Tale essendo il contenuto del parere, reputa il Collegio che esso abbia natura meramente interpretativa, essendo la risposta al quesito desumibile dalla stessa ratio del disciplinare, che è quella di consentire la partecipazione alla gara ai soli concorrenti che, avendo svolto analogo servizio in passato, siano in grado di fornire concrete e tangibili garanzie di affidabilità nell’espletamento del servizio oggetto di appalto.

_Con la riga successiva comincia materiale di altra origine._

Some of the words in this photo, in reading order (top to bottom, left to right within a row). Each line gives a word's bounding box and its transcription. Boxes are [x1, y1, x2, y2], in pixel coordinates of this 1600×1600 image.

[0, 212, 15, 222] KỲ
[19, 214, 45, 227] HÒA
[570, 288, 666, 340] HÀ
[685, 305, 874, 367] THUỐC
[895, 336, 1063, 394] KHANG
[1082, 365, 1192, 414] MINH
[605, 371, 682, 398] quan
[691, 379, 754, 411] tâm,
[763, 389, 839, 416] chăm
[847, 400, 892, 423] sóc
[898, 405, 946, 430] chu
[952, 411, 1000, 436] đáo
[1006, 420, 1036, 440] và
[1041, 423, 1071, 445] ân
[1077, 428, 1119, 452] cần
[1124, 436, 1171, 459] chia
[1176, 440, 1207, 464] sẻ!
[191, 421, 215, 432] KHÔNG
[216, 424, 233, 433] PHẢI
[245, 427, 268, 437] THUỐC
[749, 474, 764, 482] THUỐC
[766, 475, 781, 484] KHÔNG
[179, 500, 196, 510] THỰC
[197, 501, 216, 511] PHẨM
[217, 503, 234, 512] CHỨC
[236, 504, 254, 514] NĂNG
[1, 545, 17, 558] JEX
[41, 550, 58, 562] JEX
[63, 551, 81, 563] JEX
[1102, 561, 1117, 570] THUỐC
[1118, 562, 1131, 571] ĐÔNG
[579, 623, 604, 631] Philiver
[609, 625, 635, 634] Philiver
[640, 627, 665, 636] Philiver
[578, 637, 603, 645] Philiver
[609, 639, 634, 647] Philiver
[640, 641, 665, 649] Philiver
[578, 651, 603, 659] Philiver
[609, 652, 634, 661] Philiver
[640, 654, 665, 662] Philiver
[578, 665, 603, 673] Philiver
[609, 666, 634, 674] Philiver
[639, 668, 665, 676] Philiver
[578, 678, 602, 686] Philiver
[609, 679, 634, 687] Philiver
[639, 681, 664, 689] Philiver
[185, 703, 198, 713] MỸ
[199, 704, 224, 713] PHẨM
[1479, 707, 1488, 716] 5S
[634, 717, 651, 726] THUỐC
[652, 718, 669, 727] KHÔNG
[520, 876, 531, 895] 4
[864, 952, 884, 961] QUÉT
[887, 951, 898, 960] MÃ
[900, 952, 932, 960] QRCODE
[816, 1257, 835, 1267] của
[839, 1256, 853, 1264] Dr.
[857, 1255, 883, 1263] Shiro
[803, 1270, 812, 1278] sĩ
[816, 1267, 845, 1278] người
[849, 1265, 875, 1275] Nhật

Ma, se così è, non si vede la ragione per la quale discriminare gli operatori che abbiano reso in passato analogo servizio nei confronti di un ARO, che essendo una unione di comuni, risponde ancor meglio alle garanzie di serietà e affidabilità dell’operatore economico, testé evidenziate.

2.4. Dunque, posto che:

a) vi è coincidenza, sul piano tecnico (e prima di esso, su quello logico), tra servizi resi nei confronti di un Comune e quelli resi nei confronti di un ARO;

b) l’ARO (Ambito di Raccolta Ottimale) è una unione di Comuni, al pari del Consorzio Canavesano Ambiente;

per la proprietà transitiva, il servizio svolto nei confronti del Consorzio Canavesano Ambiente va considerato come coincidente, sul piano tecnico, con quello svolto nei confronti di un Comune. E poiché il Consorzio Canavesano Ambiente comprende 108 comuni, la somma dei cui abitanti è di gran lunga maggiore di quella di 31.197 abitanti, richiesti dal Disciplinare, la controinteressata soddisfa senz’altro il requisito di cui al cennato punto 7.3 lett. e) del Disciplinare, come modificato dalla nota SUA n. 624/18.

2.5. Per tali ragioni, il primo motivo di gravame è infondato, e deve pertanto essere rigettato.

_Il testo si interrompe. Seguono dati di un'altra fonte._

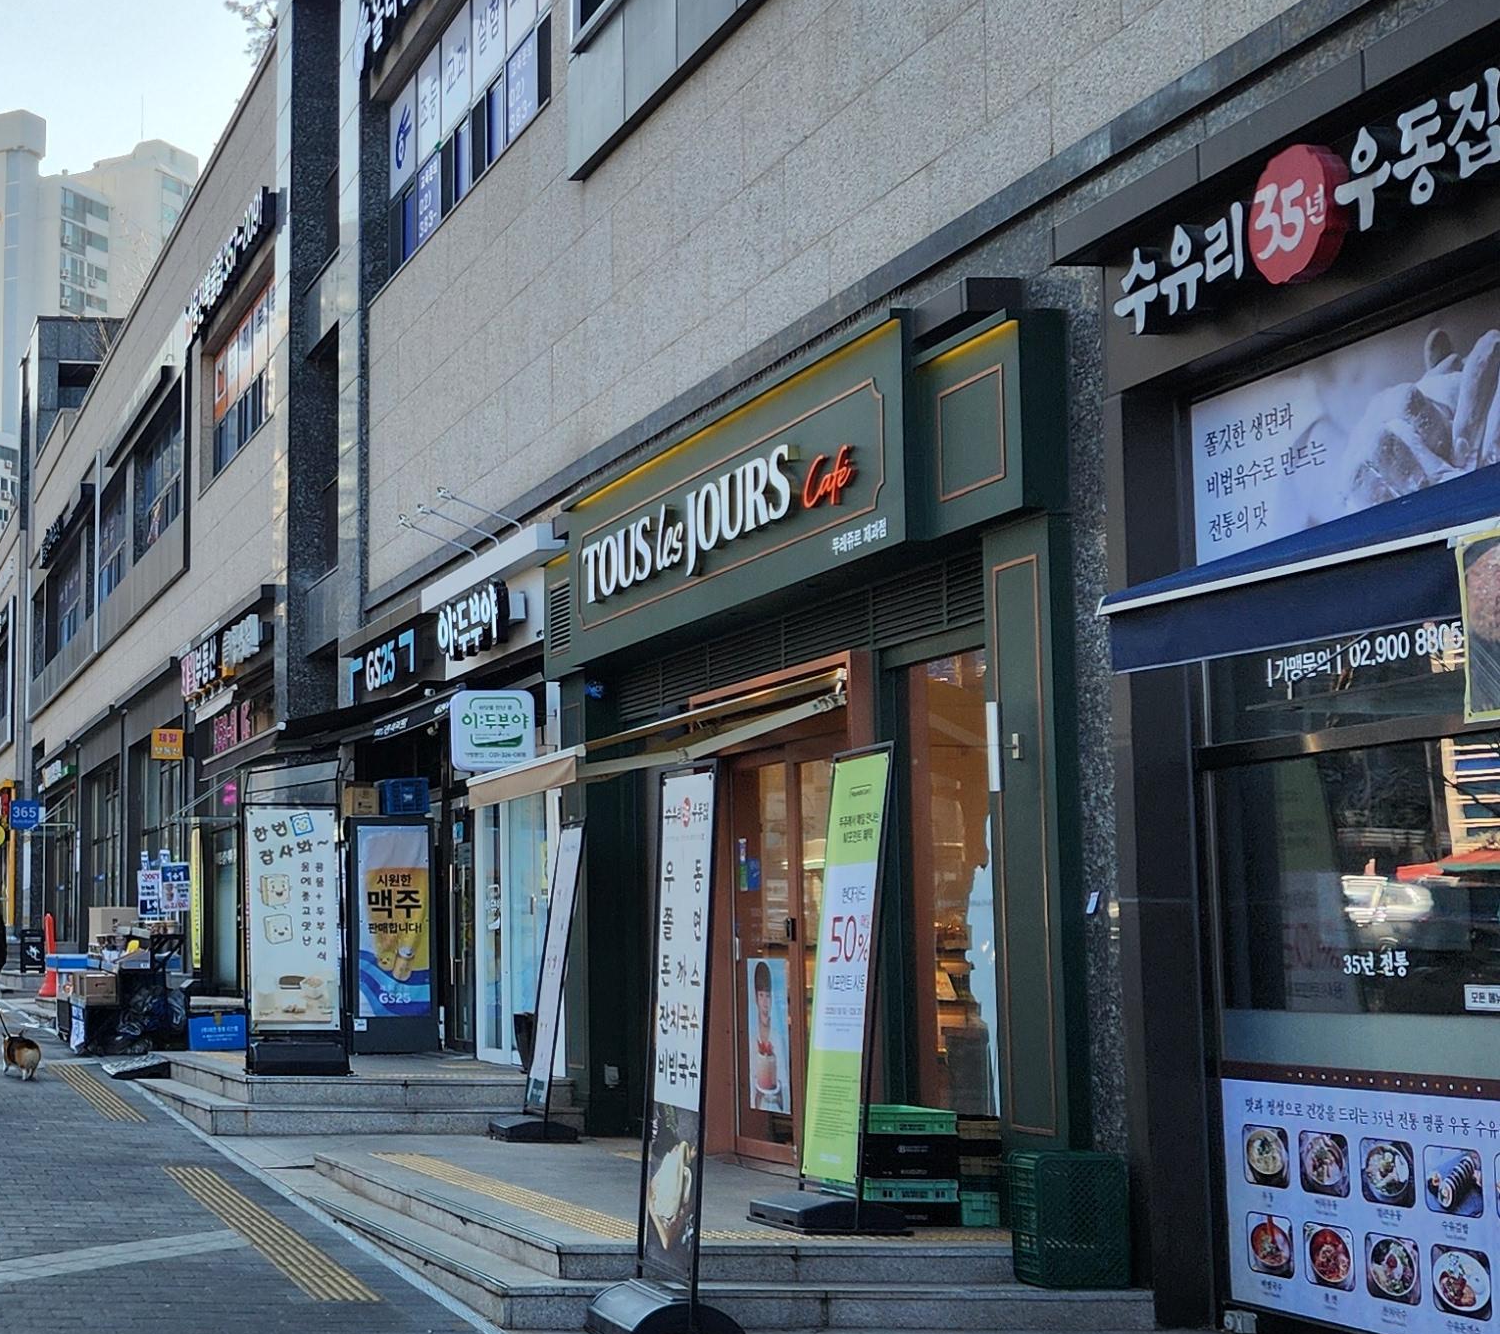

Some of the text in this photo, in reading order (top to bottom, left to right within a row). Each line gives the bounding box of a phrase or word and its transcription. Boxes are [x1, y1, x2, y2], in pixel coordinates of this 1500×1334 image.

[1113, 67, 1500, 336] 수유리 35년 우동집
[1203, 402, 1294, 458] 쫄깃한 생면과
[1205, 440, 1328, 499] 비법육수로 만드는
[582, 515, 651, 604] TOUS
[655, 503, 685, 571] les
[685, 443, 791, 577] JOURS
[1207, 500, 1269, 543] 전통의 맛
[365, 639, 397, 692] GS25
[12, 805, 37, 819] 365
[376, 872, 413, 888] 시원한
[366, 889, 423, 919] 맥주
[367, 922, 423, 935] 판매합니다!
[828, 915, 870, 963] 50%
[1342, 947, 1410, 978] 35년 전통
[378, 992, 412, 1005] GS25
[658, 1000, 700, 1039] 잔치국수
[658, 1047, 699, 1089] 비빔국수
[1266, 1098, 1303, 1118] 정성으로
[1306, 1103, 1336, 1123] 건강을
[1338, 1107, 1368, 1126] 드리는
[1371, 1109, 1395, 1129] 35년
[1398, 1111, 1420, 1131] 전통
[1422, 1114, 1444, 1134] 명품
[1447, 1117, 1471, 1137] 우동

3. Con il secondo motivo di gravame, la ricorrente si duole dell’omessa dichiarazione, da parte della controinteressata, di aver subito penali in relazione al contratto con il Comune di Giugliano in Campania per oltre € 816.108 nel triennio 2015-2018, corrispondente all’1,26% del valore lordo dell’appalto per il corrispondente periodo.

Per tale ragione, essa deduce che la controinteressata andava esclusa dalla gara, ai sensi dell’art. 80 co. 5 lett. c), d. lgs. n. 50/16, e segnatamente per aver fornito false informazioni suscettibili di influenzare il processo decisionale della stazione appaltante.

Il motivo è infondato.

3.2. Premette il Collegio che la Corte di Giustizia (sentenza 2 giugno 2016, causa C-27/15, Pippo Pizzo), in tema di oneri di sicurezza, ha enunciato il seguente principio di diritto: “Il principio di parità di trattamento e l’obbligo di trasparenza devono essere interpretati nel senso che ostano all’esclusione di un operatore economico da una procedura di aggiudicazione di un appalto pubblico in seguito al mancato rispetto, da parte di tale operatore, di un obbligo che non risulta espressamente dai documenti relativi a tale procedura o dal diritto nazionale vigente, bensì da un’interpretazione di tale diritto e di tali documenti nonché dal meccanismo diretto a colmare, con un intervento delle autorità o dei giudici amministrativi nazionali, le lacune presenti in tali documenti. In tali circostanze, i principi di parità di trattamento e di proporzionalità devono essere interpretati nel senso che non ostano al fatto di consentire all’operatore economico di regolarizzare la propria posizione e di adempiere tale obbligo entro un termine fissato dall’amministrazione aggiudicatrice”.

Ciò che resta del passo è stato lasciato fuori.